**What you will do**. Return all entries below exactly. Skip nothing.

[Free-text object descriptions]
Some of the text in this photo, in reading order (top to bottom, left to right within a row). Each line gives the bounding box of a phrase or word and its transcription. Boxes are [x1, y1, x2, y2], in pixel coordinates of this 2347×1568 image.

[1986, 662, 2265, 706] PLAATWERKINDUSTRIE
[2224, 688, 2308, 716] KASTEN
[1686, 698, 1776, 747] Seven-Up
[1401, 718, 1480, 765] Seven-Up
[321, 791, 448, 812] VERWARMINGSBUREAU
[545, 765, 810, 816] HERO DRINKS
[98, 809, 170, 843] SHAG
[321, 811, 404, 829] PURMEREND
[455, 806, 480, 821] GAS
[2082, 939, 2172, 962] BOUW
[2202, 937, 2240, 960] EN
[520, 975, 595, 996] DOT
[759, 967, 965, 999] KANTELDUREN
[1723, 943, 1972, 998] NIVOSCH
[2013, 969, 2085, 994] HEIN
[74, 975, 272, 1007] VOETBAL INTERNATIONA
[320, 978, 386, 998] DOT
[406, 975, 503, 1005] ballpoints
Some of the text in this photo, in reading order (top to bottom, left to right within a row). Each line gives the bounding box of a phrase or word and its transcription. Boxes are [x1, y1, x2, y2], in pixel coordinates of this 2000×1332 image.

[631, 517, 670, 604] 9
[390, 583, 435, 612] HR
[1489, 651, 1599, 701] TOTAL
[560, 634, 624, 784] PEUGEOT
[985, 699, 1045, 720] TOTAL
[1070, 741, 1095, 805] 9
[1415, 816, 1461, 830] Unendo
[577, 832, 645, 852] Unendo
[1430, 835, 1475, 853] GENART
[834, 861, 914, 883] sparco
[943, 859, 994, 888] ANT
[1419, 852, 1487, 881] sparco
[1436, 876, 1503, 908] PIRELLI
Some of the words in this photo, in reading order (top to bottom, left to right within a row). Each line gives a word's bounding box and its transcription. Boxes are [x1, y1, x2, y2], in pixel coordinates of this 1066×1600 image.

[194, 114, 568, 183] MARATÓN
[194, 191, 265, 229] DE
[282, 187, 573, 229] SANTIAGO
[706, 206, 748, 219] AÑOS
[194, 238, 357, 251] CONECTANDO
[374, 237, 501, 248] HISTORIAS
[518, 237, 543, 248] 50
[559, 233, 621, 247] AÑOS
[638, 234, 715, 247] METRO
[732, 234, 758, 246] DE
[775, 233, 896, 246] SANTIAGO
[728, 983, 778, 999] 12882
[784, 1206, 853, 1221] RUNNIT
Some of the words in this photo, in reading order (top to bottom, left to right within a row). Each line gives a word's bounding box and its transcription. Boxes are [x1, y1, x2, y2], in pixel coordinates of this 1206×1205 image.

**Response box**.
Some of the text in this photo, in reading order (top to bottom, left to right within a row). Each line gives the bounding box of a phrase or word and its transcription. Boxes are [x1, y1, x2, y2], in pixel coordinates of this 2347×1568 image.

[1986, 662, 2265, 706] PLAATWERKINDUSTRIE
[2224, 688, 2308, 716] KASTEN
[1686, 698, 1776, 747] Seven-Up
[1401, 718, 1480, 765] Seven-Up
[321, 791, 448, 812] VERWARMINGSBUREAU
[545, 765, 810, 816] HERO DRINKS
[98, 809, 170, 843] SHAG
[321, 811, 404, 829] PURMEREND
[455, 806, 480, 821] GAS
[2082, 939, 2172, 962] BOUW
[2202, 937, 2240, 960] EN
[520, 975, 595, 996] DOT
[759, 967, 965, 999] KANTELDUREN
[1723, 943, 1972, 998] NIVOSCH
[2013, 969, 2085, 994] HEIN
[74, 975, 272, 1007] VOETBAL INTERNATIONA
[320, 978, 386, 998] DOT
[406, 975, 503, 1005] ballpoints
Some of the text in this photo, in reading order (top to bottom, left to right within a row). Each line gives the bounding box of a phrase or word and its transcription. Boxes are [x1, y1, x2, y2], in pixel coordinates of this 2000×1332 image.

[631, 517, 670, 604] 9
[390, 583, 435, 612] HR
[1489, 651, 1599, 701] TOTAL
[560, 634, 624, 784] PEUGEOT
[985, 699, 1045, 720] TOTAL
[1070, 741, 1095, 805] 9
[1415, 816, 1461, 830] Unendo
[577, 832, 645, 852] Unendo
[1430, 835, 1475, 853] GENART
[834, 861, 914, 883] sparco
[943, 859, 994, 888] ANT
[1419, 852, 1487, 881] sparco
[1436, 876, 1503, 908] PIRELLI
Some of the words in this photo, in reading order (top to bottom, left to right within a row). Each line gives a word's bounding box and its transcription. Boxes are [x1, y1, x2, y2], in pixel coordinates of this 1066×1600 image.

[194, 114, 568, 183] MARATÓN
[194, 191, 265, 229] DE
[282, 187, 573, 229] SANTIAGO
[706, 206, 748, 219] AÑOS
[194, 238, 357, 251] CONECTANDO
[374, 237, 501, 248] HISTORIAS
[518, 237, 543, 248] 50
[559, 233, 621, 247] AÑOS
[638, 234, 715, 247] METRO
[732, 234, 758, 246] DE
[775, 233, 896, 246] SANTIAGO
[728, 983, 778, 999] 12882
[784, 1206, 853, 1221] RUNNIT
Some of the words in this photo, in reading order (top to bottom, left to right within a row). Each line gives a word's bounding box and its transcription. Boxes are [x1, y1, x2, y2], in pixel coordinates of this 1206×1205 image.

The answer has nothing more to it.